-- RECORDS PROVIDED follows --
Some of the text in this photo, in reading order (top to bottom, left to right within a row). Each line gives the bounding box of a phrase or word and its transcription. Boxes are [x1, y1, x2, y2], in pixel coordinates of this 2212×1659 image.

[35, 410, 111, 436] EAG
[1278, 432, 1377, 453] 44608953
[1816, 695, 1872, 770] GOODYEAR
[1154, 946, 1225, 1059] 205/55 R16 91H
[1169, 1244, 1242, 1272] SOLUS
-- RECORDS PROVIDED concluded --
→ INSTRUCTIONS FOR THE TASK
The full listing should be output exactly, line for line.

→ EXERCISE OUTPUT
Some of the text in this photo, in reading order (top to bottom, left to right within a row). Each line gives the bounding box of a phrase or word and its transcription. Boxes are [x1, y1, x2, y2], in pixel coordinates of this 2212×1659 image.

[35, 410, 111, 436] EAG
[1278, 432, 1377, 453] 44608953
[1816, 695, 1872, 770] GOODYEAR
[1154, 946, 1225, 1059] 205/55 R16 91H
[1169, 1244, 1242, 1272] SOLUS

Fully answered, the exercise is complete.